Quel est votre regard sur l’évolution du métier de conseiller en gestion de patrimoine à l’heure du 2.0 ?  
Le métier a assimilé la technologie plus qu’il n’a été remplacé par des offres digitales. La disruption technologique n’a pas eu lieu et c’est plus d’une assimilation qu’il faut parler.
Le résultat des dernières études est particulièrement intéressant. Toutes confirment ce que nous avions pressenti. Les clients des CGP ne souhaitent en majorité pas « parler » à une machine et souhaitent très clairement recevoir le conseil d’un humain.
Si on segmente les prestations que peut livrer un CGP ou qu’il doit gérer, par contre, la majorité des autres tâches qu’il doit réaliser ou des prestations qu’il peut proposer, peuvent se digitaliser et le client commence à être indifférent à ce que ce soit un humain ou une machine qui les traite, voire, il préfère le traitement digital. Il en est déjà ainsi de la souscription des produits d’épargne par exemple.
Mais quel CGP ne propose pas aujourd’hui des solutions de souscription en ligne, au moins pour une partie de son offre ?
On le voit bien, clients et CGP ont un intérêt commun dans l’équipement en « outils » digitaux pour une prestation humaine.
Pour autant une petite fraction du marché pourrait être intégralement digitale mais l’analyse de ce qui se passe doit être plus subtile que ce que beaucoup en font.
 
Que pensez-vous de l’évolution du modèle de facturation des conseillers en gestion de patrimoine ?
 
Globalement il donne l’impression de ne pas évoluer. Cependant ce serait une grave erreur de le croire.
Le modèle honoraire ou commissions au choix du professionnel, avec le système des commissions qui reste dominant est acquis en France au moins pour les 6 à 10 ans à venir et si nos élus le défendent, pour 12 à 15 ans.

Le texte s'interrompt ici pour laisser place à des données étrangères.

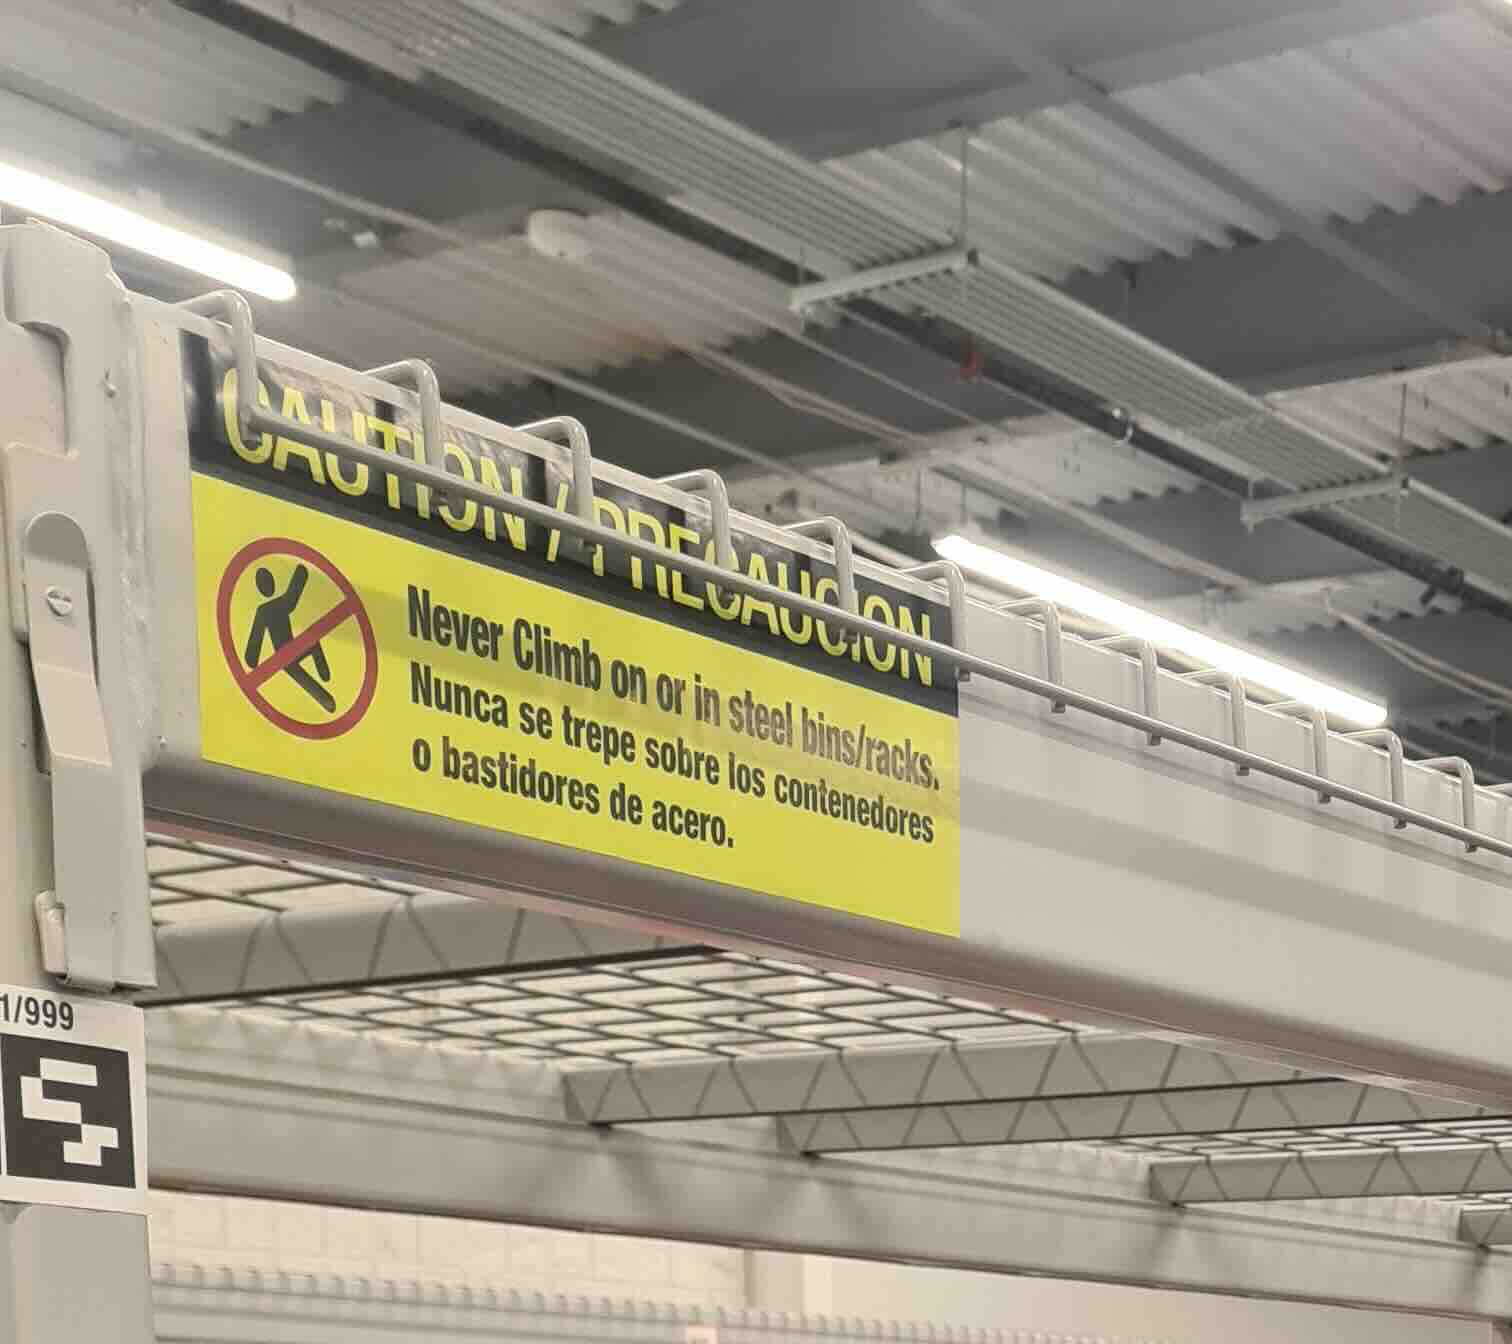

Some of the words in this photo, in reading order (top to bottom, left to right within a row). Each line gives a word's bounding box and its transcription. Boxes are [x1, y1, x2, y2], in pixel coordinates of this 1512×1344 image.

En revanche la nouvelle forme de la transparence des rémunérations, les règles de lutte contre les conflits d’intérêts et de fait, les interdictions ou limitations de certaines rétrocessions ou modes de calculs, entrainent une diminution généralisée des frais prélevés au client. Leur répartition entre tous les acteurs de l’écosystème et leur mode de prélèvement sont donc en pleine « renégociation » et les honoraires devraient légèrement augmenter.      
 
En tant que Président de l’ANACOFI avez-vous une visibilité sur l’appétence des investisseurs importants sur la finance verte ou l’investissement éthique. A votre sens, est-ce de la poudre aux yeux ou une véritable vague de fond ?
 
L’ANACOFI est associée aux projets de développement de l’ISR et très franchement, les résultats obtenus sont très convenables, tant en volume que qualitativement.
Ce type de fonds représenterait 1% de la richesse nationale très foncière, presque 10% des actifs financiers et n’a pas à rougir de ses performances 2018. De plus nombre de gérants annoncent passer au tout ISR en 2019/2020.
La finance verte ou éthique est, elle, pour l’instant une affaire de quelques grands acteurs. Cependant la progression est sensible si on en croit les analyses disponibles.
Concrètement si on peut parler d’une forme de lame de fond pour l’ISR, ce n’est qu’un début de croissance notable pour l’éthique et le vert.
 
Y a-t-il une convergence des législations européennes quant au métier de gestionnaire de patrimoine ? Quid du passeport européen du produit financier ?
 
Oui et non. Le droit européen reconnait les fabricants et les conseils/intermédiaires et non les CGP tel que nous l’entendons. De ce fait, au regard du droit local ou de l’interprétation différente de certains textes européens, il peut ne pas être possible de permettre l’émergence de quelque chose de comparable à notre CGP français, qui interpelle nombre d’analystes d’autres pays. Il est toutefois notable que le Président de la FECIF (Fédération Européenne des Conseils et Intermédiaires) que je suis aussi, représente des réalités d’offres et d‘entreprises très différentes.
Ceci étant dit, si nous parlons du droit des conseils ou intermédiaires, il est très clair que, texte après texte, la convergence est de plus en plus un fait.
 
Le passeport pour les produits existe aujourd’hui. Seuls des produits ou coquilles créés selon des normes nationales et donc volontairement non européennes ne peuvent pas en profiter.
Il y a deux projets européens qui devraient encore améliorer les choses : PEPP (Plan de Pension par Capitalisation Pan-Européen) et un travail sur les fonds dits « AIFM » (donc n’étant pas des OPCVM qui eux sont déjà toujours passeportables). Les conditions de passeports de ce type de fonds très locaux sont très contraignantes. Elles pourraient être revues d’ici 2020/2021.